Hopefully, Megan will share some of her T-shirts with her four older brothers and sisters. After all, their involvement in sports probably toughened up their little sister.


“All of my brothers and sisters were involved in sports in some way,” she said.  “But my brothers keep reminding me that they can still take me down no matter how many trophies I win.”


Megan admits that her room is getting crowded with her martial arts trophies. But there is one trophy she is especially proud of.


“It’s my trophy for winning the Junior Warrior Cup at the American Association Meet in Chicago,” Megan says.  “I guess that one is my most significant award.”

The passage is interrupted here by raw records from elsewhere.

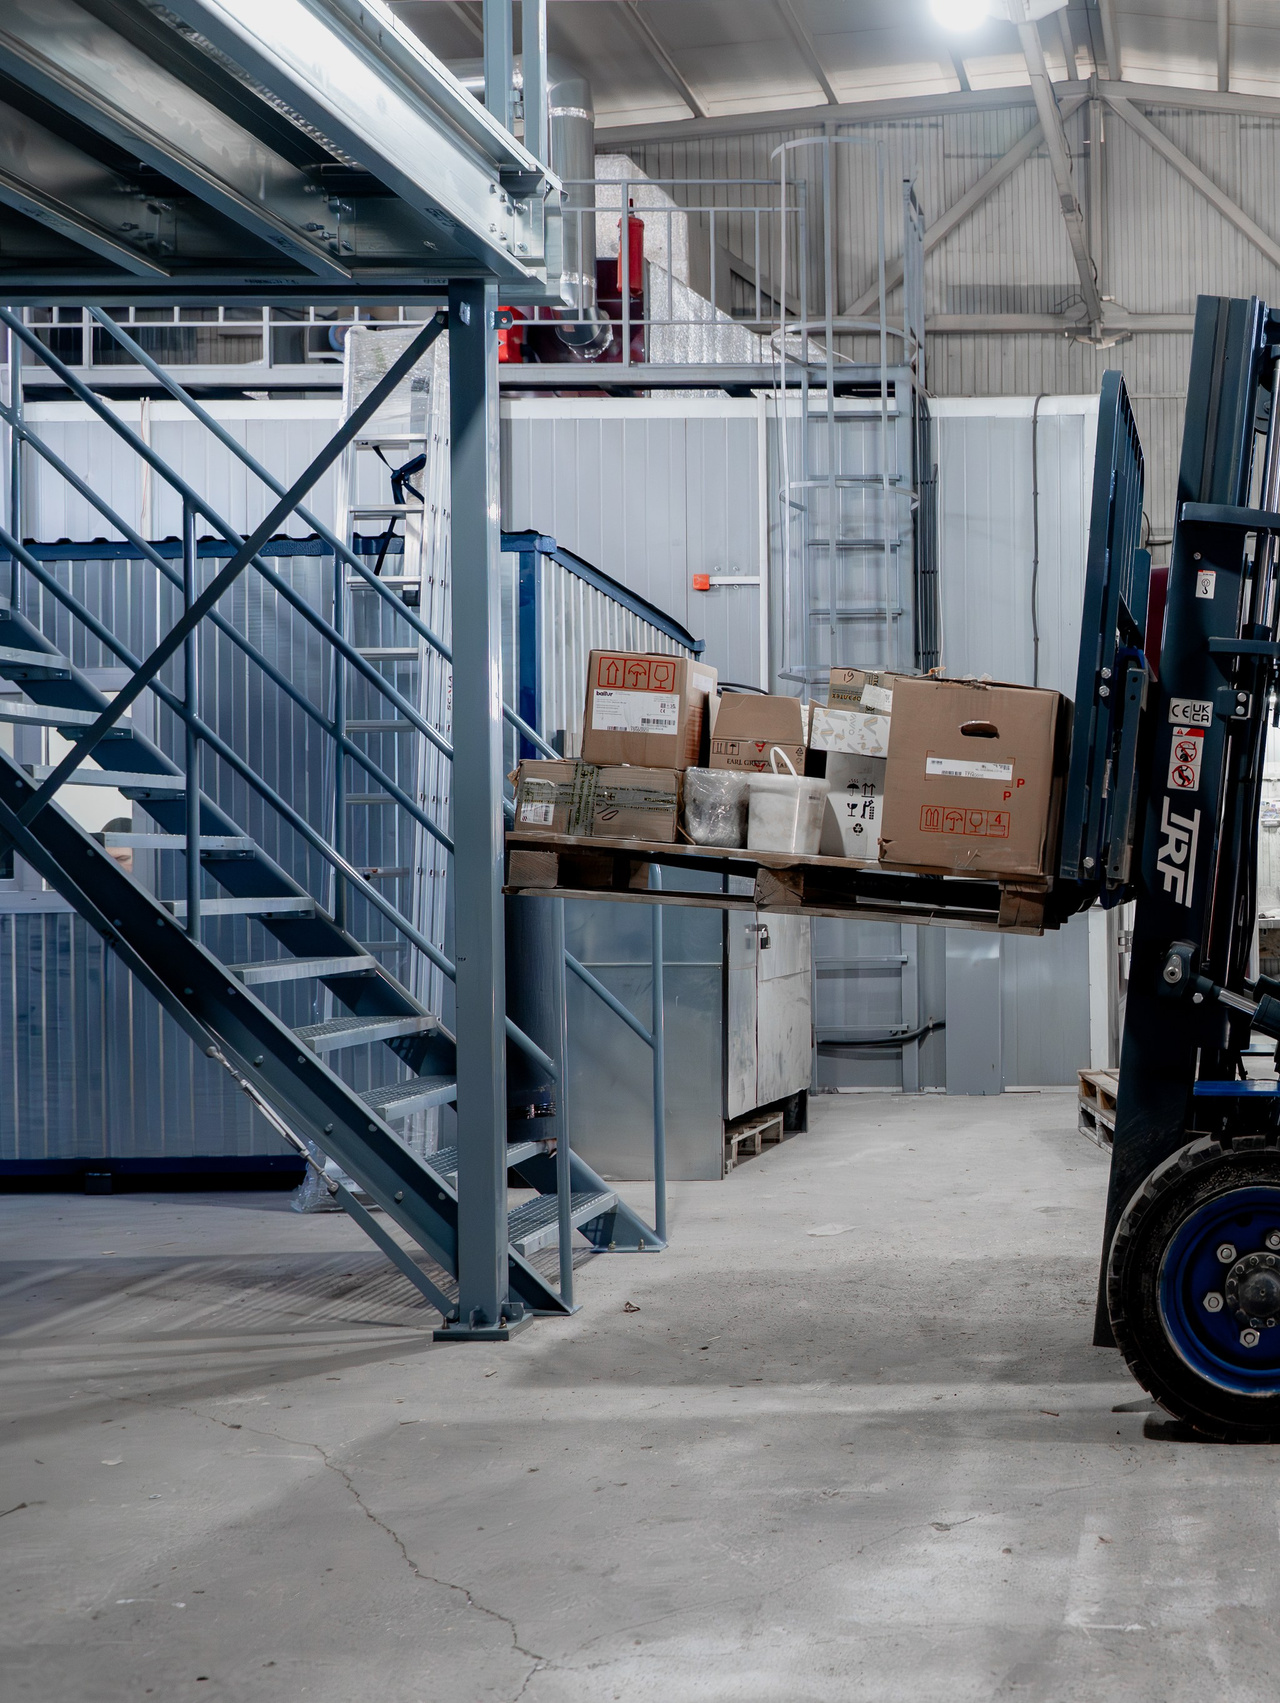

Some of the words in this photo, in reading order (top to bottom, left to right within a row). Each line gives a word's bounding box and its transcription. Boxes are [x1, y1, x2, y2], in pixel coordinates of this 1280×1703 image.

[1171, 704, 1190, 719] CE
[1193, 703, 1210, 714] UK
[1192, 713, 1209, 723] CA
[727, 758, 742, 766] EARL
[1016, 778, 1025, 788] P
[1003, 791, 1011, 801] P
[994, 813, 1002, 825] 4
[1157, 796, 1201, 908] TRF

But Megan is quick to add that she would not be receiving the awards if not for her coaches and parents.


Megan’s first coach was Johnny Peavy at Kingwood Top Kick Karate.  She credits him for getting her started in martial arts.


Her current coach is Rommel Gargoles whom she calls “Master G.”


“He is patient and kind and understands my limitations, but he pushes me to exceed those limitations,” Megan explains. “Master G believes in me.”


Another person who believes in Megan is her mother, Sheri Bush, who has taught in NCISD for 20 years.


“I have to admit that it broke my heart when Megan left gymnastics,” Ms. Bush admits. “But I’m so proud of how much she’s accomplished in martial arts.”


The role of the mother of a world class athlete is fairly simple, she adds.


“My job is to cheer her on and get her to where ever she needs to be.” Even if Megan needs to be 4,507 miles away.